Shades of Nationalism
FRAMED AS A TERRORISTNationality in Kashmir is a tricky subject where on one hand, India and Pakistan are tirelessly extending their claims; and on the other hand, the idealistic Kashmiris fight for their ‘Azaadi’ (independent Kashmir). The forces that opposed the idea of independent Kashmir have managed to give it a communal colour and have ensured that the fight is seen more as a religious war.

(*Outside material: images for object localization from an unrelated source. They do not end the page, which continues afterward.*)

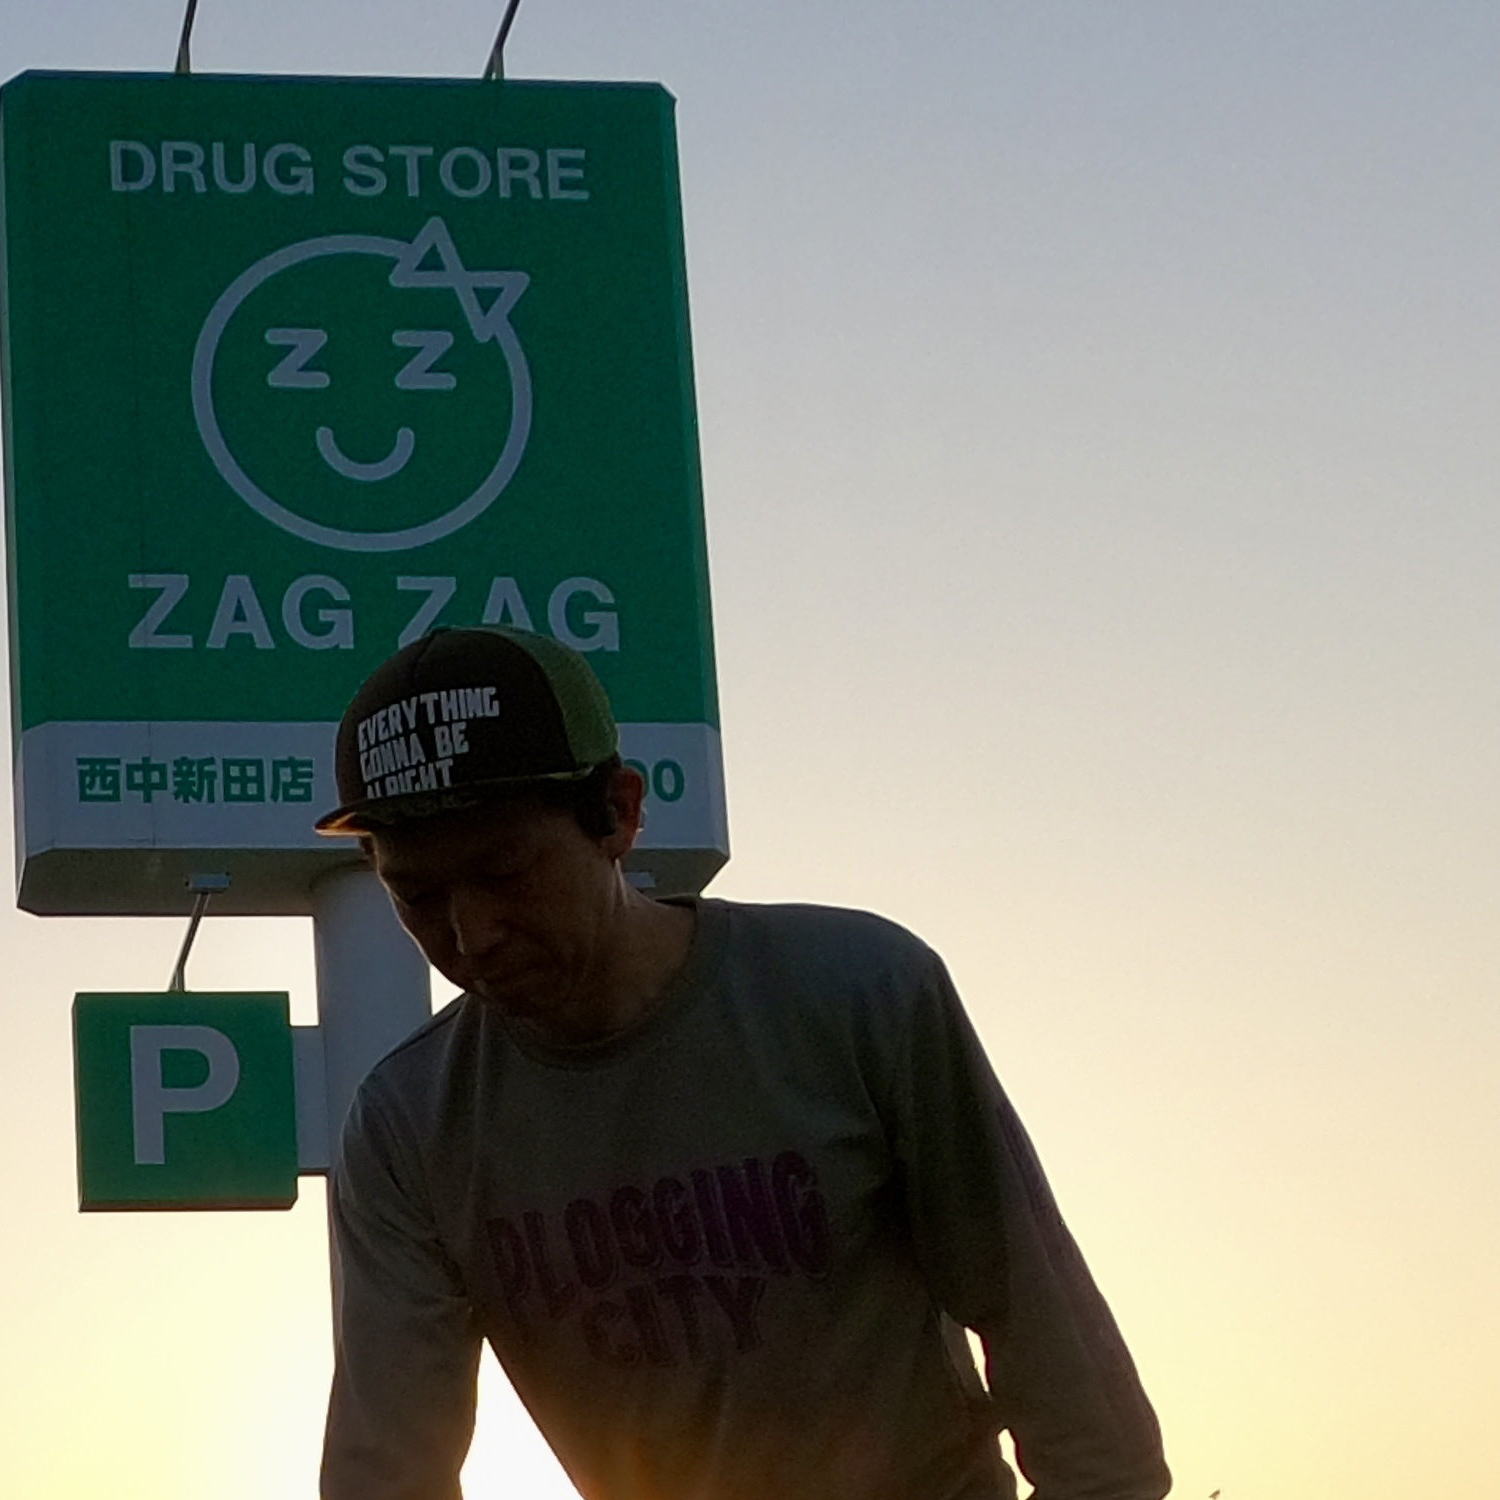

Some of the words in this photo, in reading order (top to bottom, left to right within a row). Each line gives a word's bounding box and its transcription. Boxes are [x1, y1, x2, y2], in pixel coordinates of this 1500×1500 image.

[109, 139, 315, 196] DRUG
[341, 144, 590, 200] STORE
[127, 574, 355, 650] ZAG
[396, 576, 620, 652] ZAG
[358, 686, 500, 751] EVERYTHING
[76, 756, 314, 803] 西中新田店
[360, 732, 426, 783] GONNA
[434, 721, 470, 758] BE
[129, 1024, 241, 1165] P
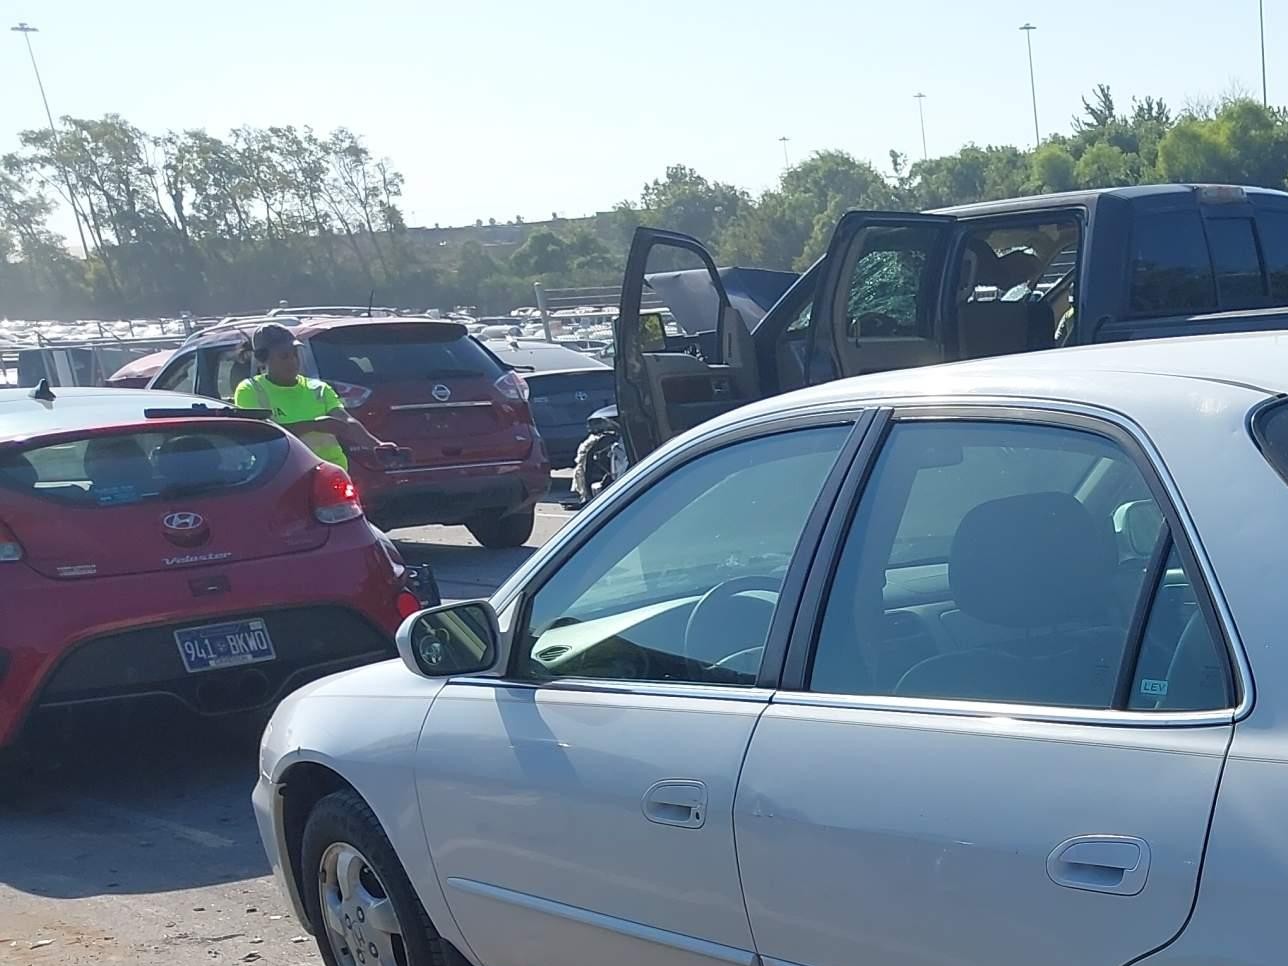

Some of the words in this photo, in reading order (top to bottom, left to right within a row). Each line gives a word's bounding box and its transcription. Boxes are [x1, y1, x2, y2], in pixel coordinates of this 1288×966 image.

[163, 552, 232, 566] Veloster
[184, 638, 217, 661] 941
[1143, 681, 1166, 692] LEV
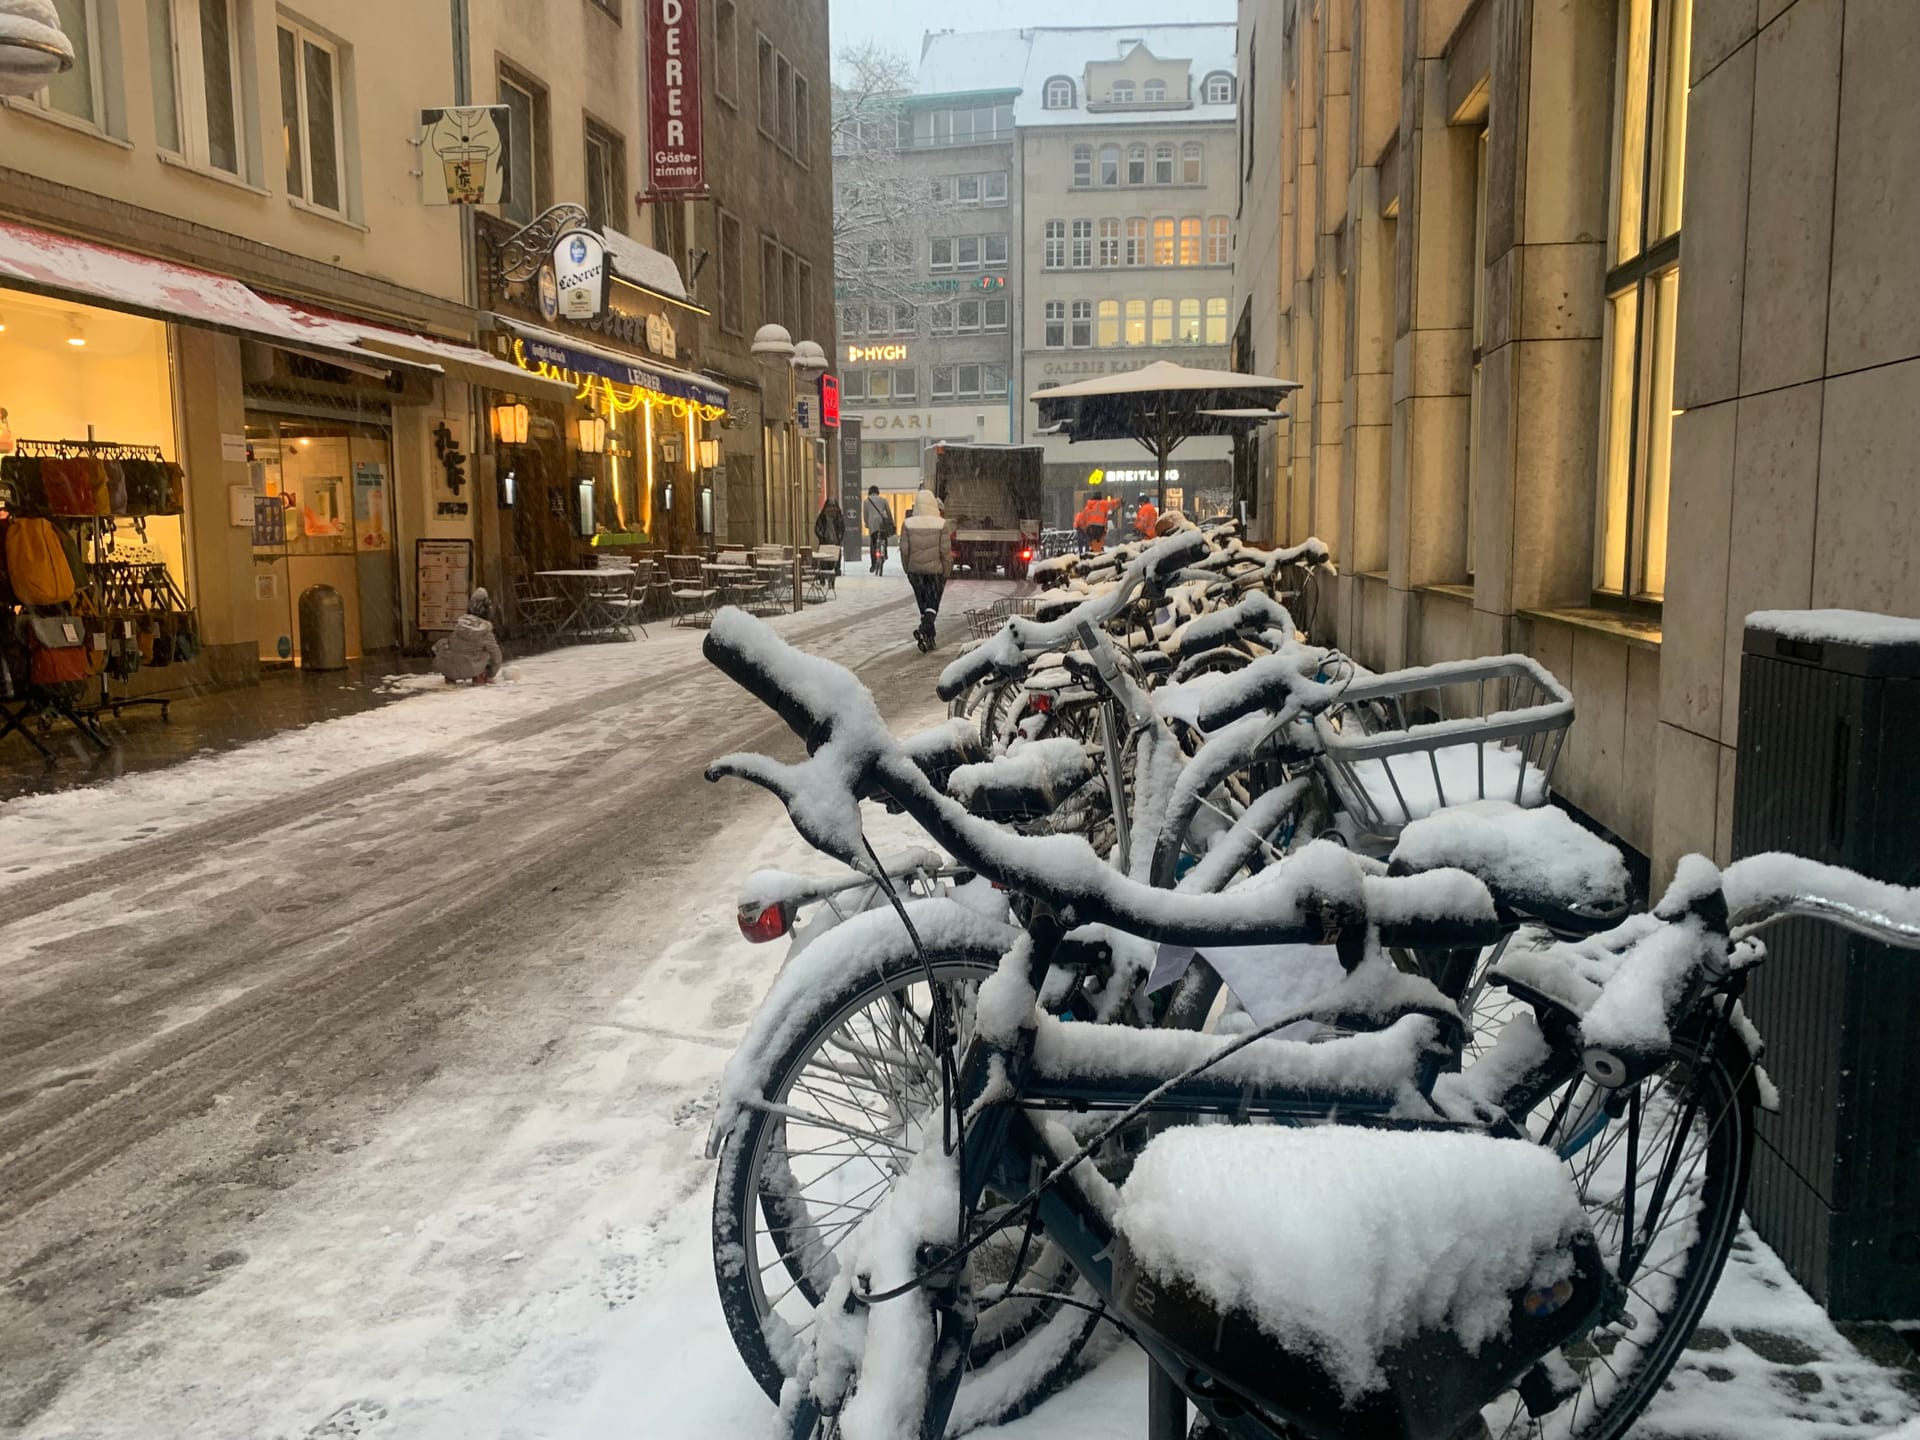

Nandita Haksar, a well-respected human rights lawyer tells the complex story of Kashmiri nationalism through two perspectives — Sampat Prakash and Mohammad Afzal Guru in her latest book ‘The Many Faces of Kashmiri Nationalism’. Prakash is a Kashmiri Pandit and Communist trade union leader who became active in politics during the Cold War years, and Guru was the Kashmiri Muslim who became active in the early days of the Kashmir insurgency. Although these two subjects belong to two different generations and communities, it is the similarities between the two men, according to Haksar, which gave her a glimpse into the complexities defining Kashmiri nationalism. Haksar had also led the campaign to save Afzal Guru from execution.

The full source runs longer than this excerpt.